What to do
From the first line to the last, transcribe the data exactly and skip the pictures.
■ ■ ■ ■
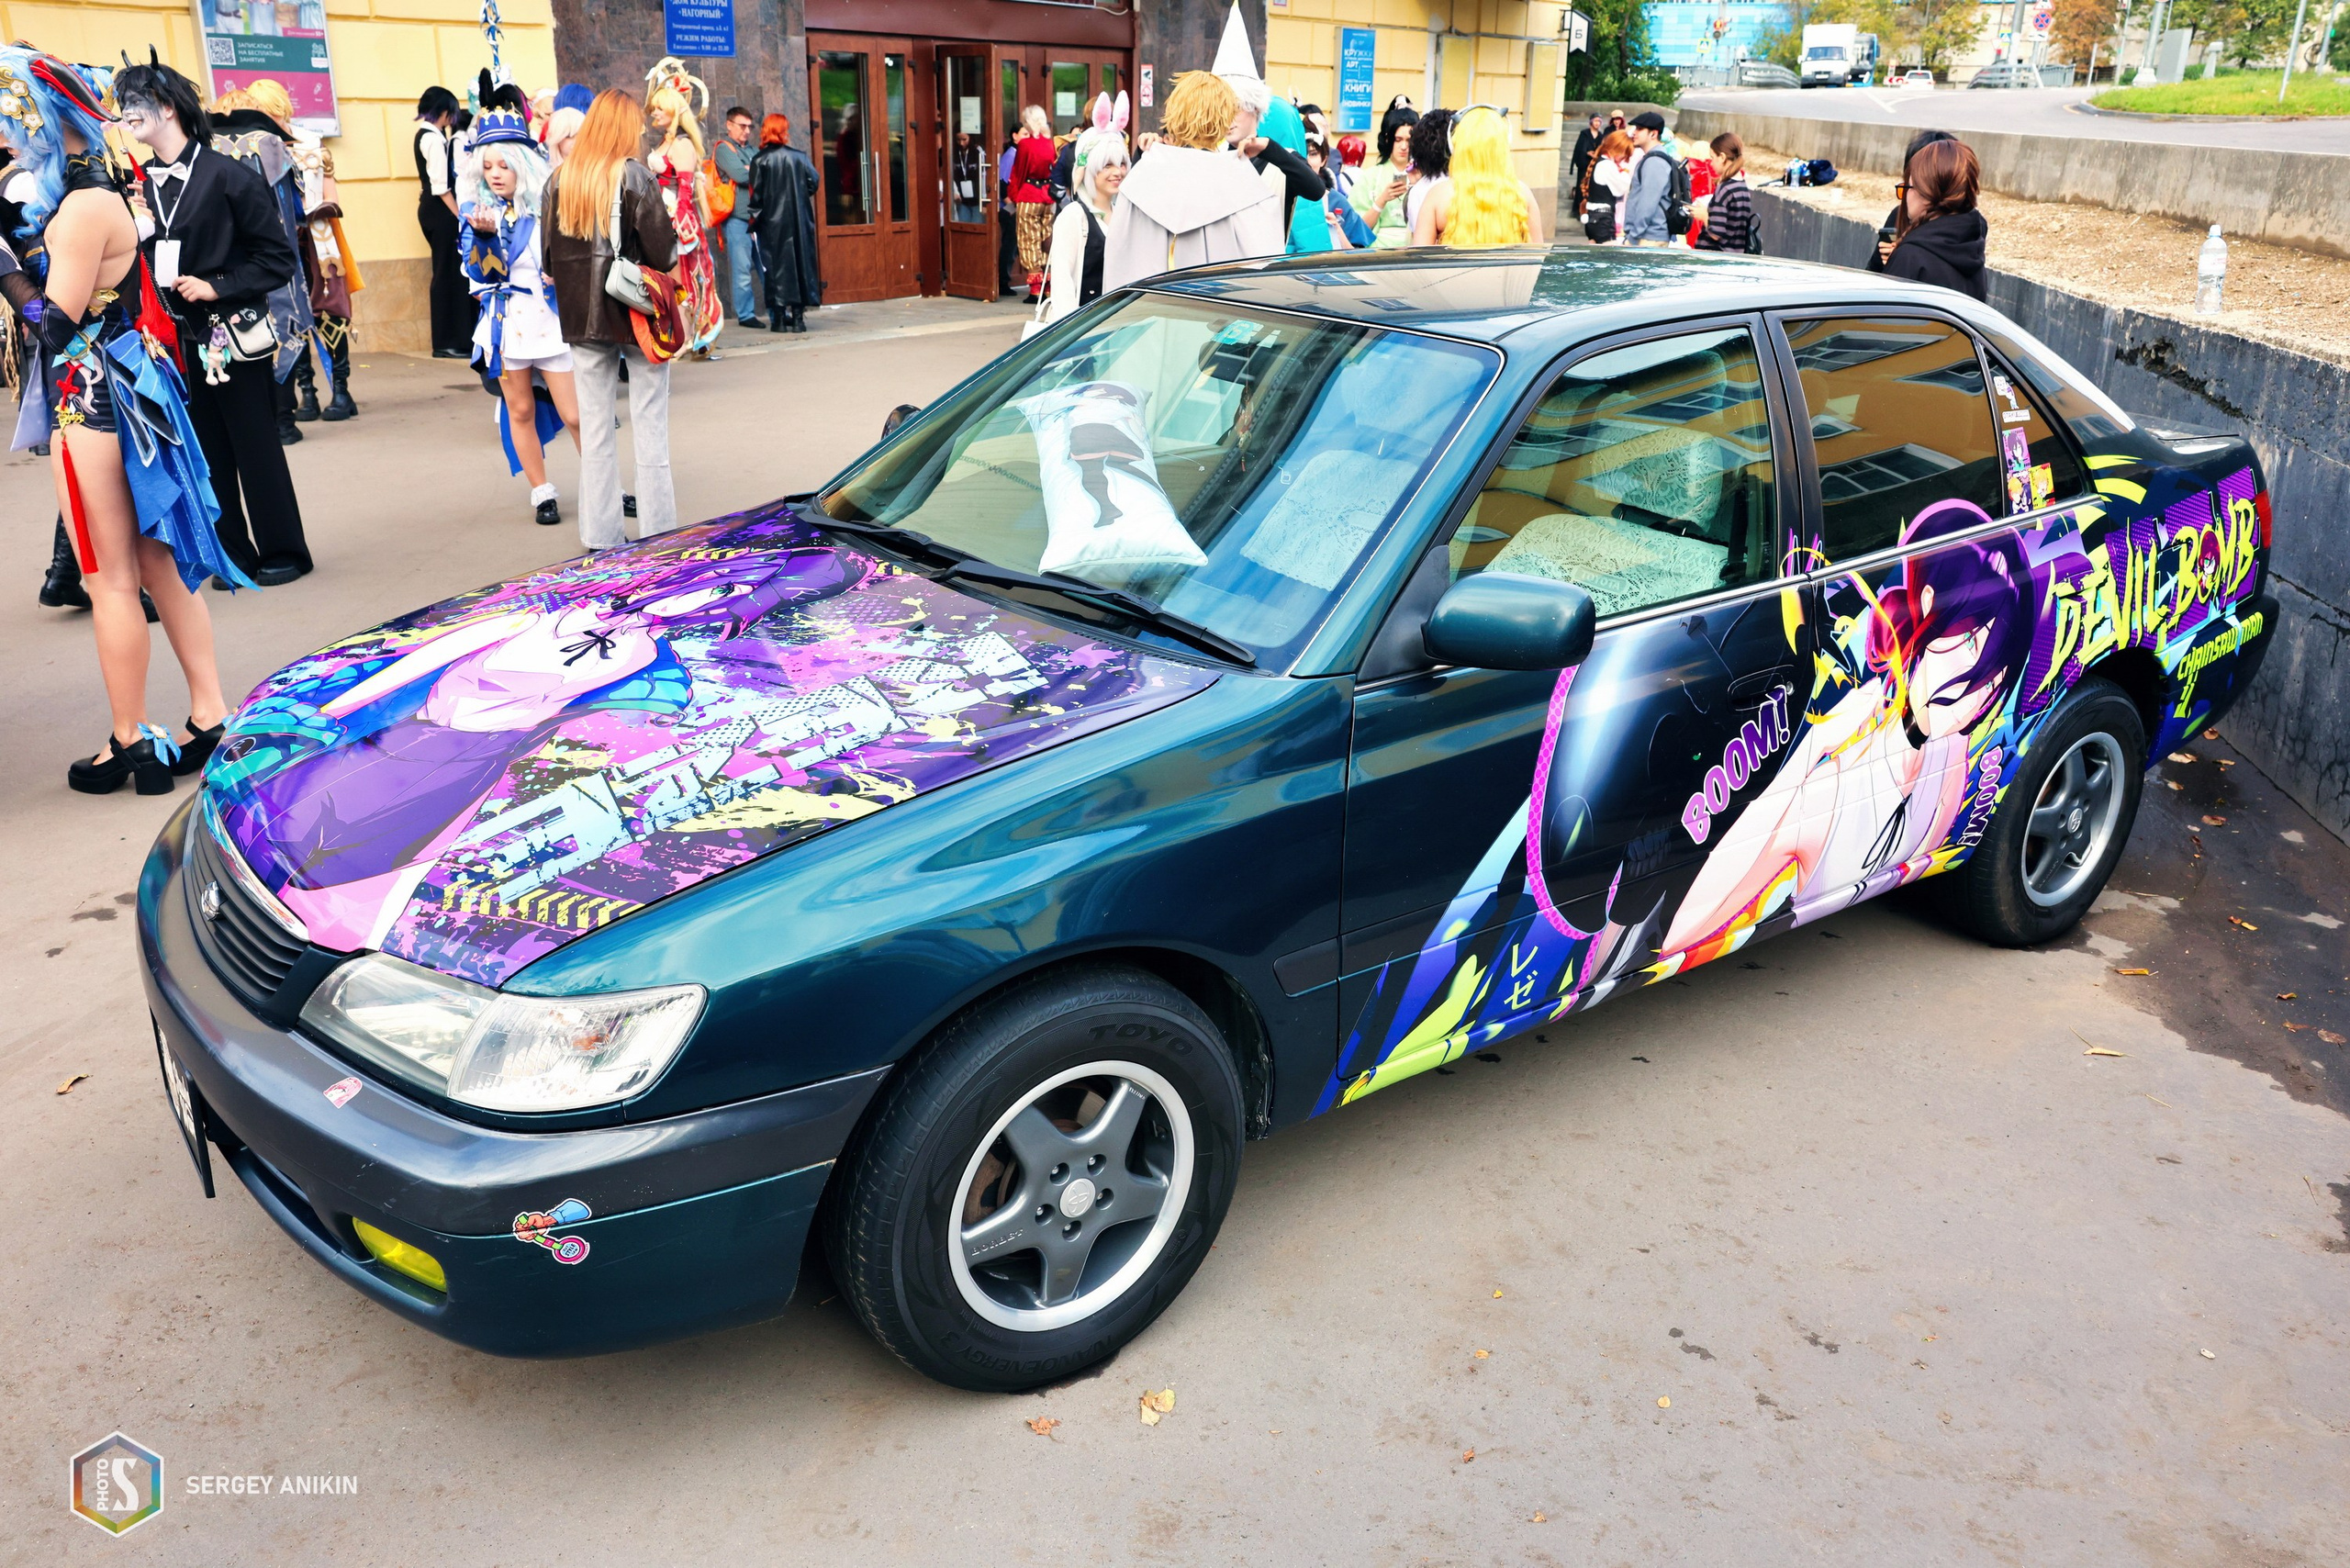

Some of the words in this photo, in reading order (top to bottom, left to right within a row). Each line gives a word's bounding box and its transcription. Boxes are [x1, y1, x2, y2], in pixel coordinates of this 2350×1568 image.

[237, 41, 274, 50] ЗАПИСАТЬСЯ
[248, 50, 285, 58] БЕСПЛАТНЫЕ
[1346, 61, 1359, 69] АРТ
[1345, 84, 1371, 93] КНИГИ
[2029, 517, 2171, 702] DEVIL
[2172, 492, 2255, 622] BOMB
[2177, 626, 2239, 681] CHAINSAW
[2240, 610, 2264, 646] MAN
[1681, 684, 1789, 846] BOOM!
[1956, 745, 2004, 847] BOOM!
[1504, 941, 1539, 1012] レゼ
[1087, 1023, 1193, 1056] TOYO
■ ■ ■ ■
Finished task
Some of the words in this photo, in reading order (top to bottom, left to right within a row). Each line gives a word's bounding box and its transcription. Boxes are [x1, y1, x2, y2], in pixel coordinates of this 2350×1568 image.

[237, 41, 274, 50] ЗАПИСАТЬСЯ
[248, 50, 285, 58] БЕСПЛАТНЫЕ
[1346, 61, 1359, 69] АРТ
[1345, 84, 1371, 93] КНИГИ
[2029, 517, 2171, 702] DEVIL
[2172, 492, 2255, 622] BOMB
[2177, 626, 2239, 681] CHAINSAW
[2240, 610, 2264, 646] MAN
[1681, 684, 1789, 846] BOOM!
[1956, 745, 2004, 847] BOOM!
[1504, 941, 1539, 1012] レゼ
[1087, 1023, 1193, 1056] TOYO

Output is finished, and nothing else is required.